- [WHAT IS NEEDED] Reproduce the entries that follow exactly, dropping each image.

- [RECORD EXTRACTS]
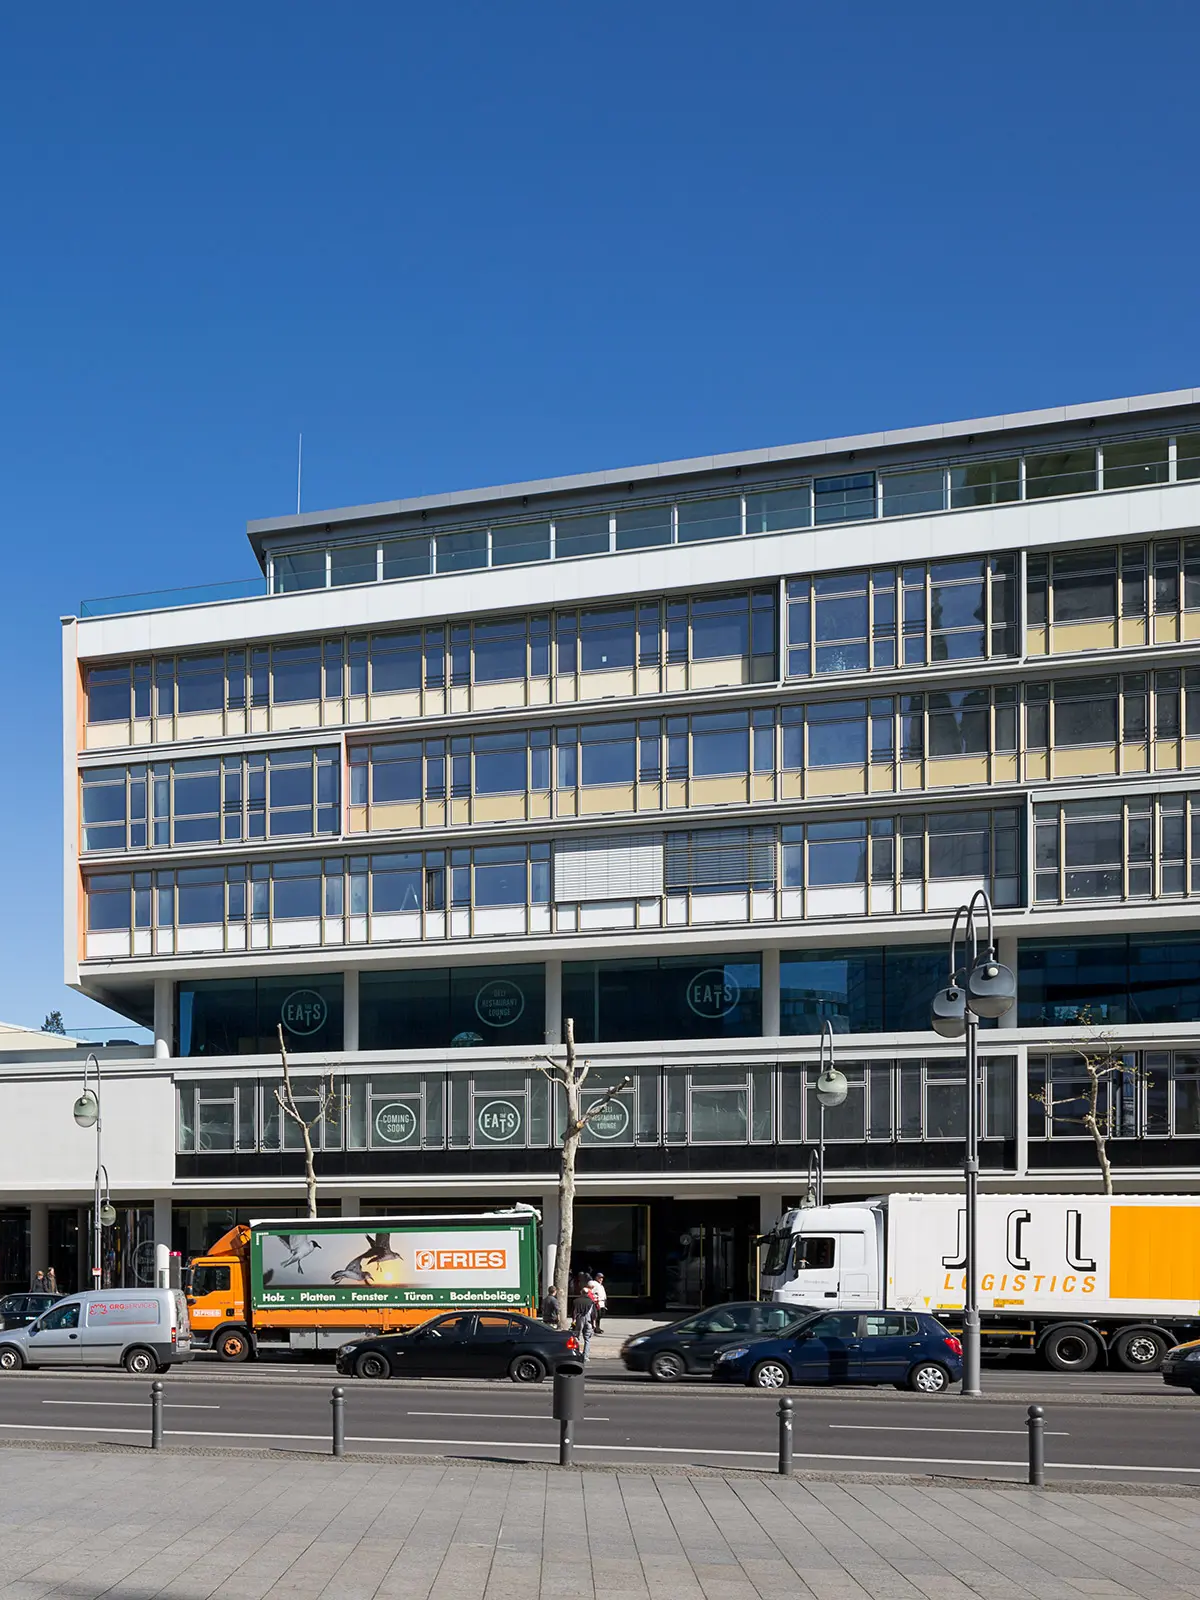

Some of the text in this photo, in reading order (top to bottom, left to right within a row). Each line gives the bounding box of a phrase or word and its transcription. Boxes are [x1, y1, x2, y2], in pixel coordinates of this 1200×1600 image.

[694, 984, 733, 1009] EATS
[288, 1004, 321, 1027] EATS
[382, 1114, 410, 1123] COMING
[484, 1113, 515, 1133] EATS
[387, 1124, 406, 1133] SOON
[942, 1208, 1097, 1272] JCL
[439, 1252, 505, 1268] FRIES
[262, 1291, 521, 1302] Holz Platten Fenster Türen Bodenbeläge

- [SOLUTION]
Some of the text in this photo, in reading order (top to bottom, left to right within a row). Each line gives the bounding box of a phrase or word and its transcription. Boxes are [x1, y1, x2, y2], in pixel coordinates of this 1200×1600 image.

[694, 984, 733, 1009] EATS
[288, 1004, 321, 1027] EATS
[382, 1114, 410, 1123] COMING
[484, 1113, 515, 1133] EATS
[387, 1124, 406, 1133] SOON
[942, 1208, 1097, 1272] JCL
[439, 1252, 505, 1268] FRIES
[262, 1291, 521, 1302] Holz Platten Fenster Türen Bodenbeläge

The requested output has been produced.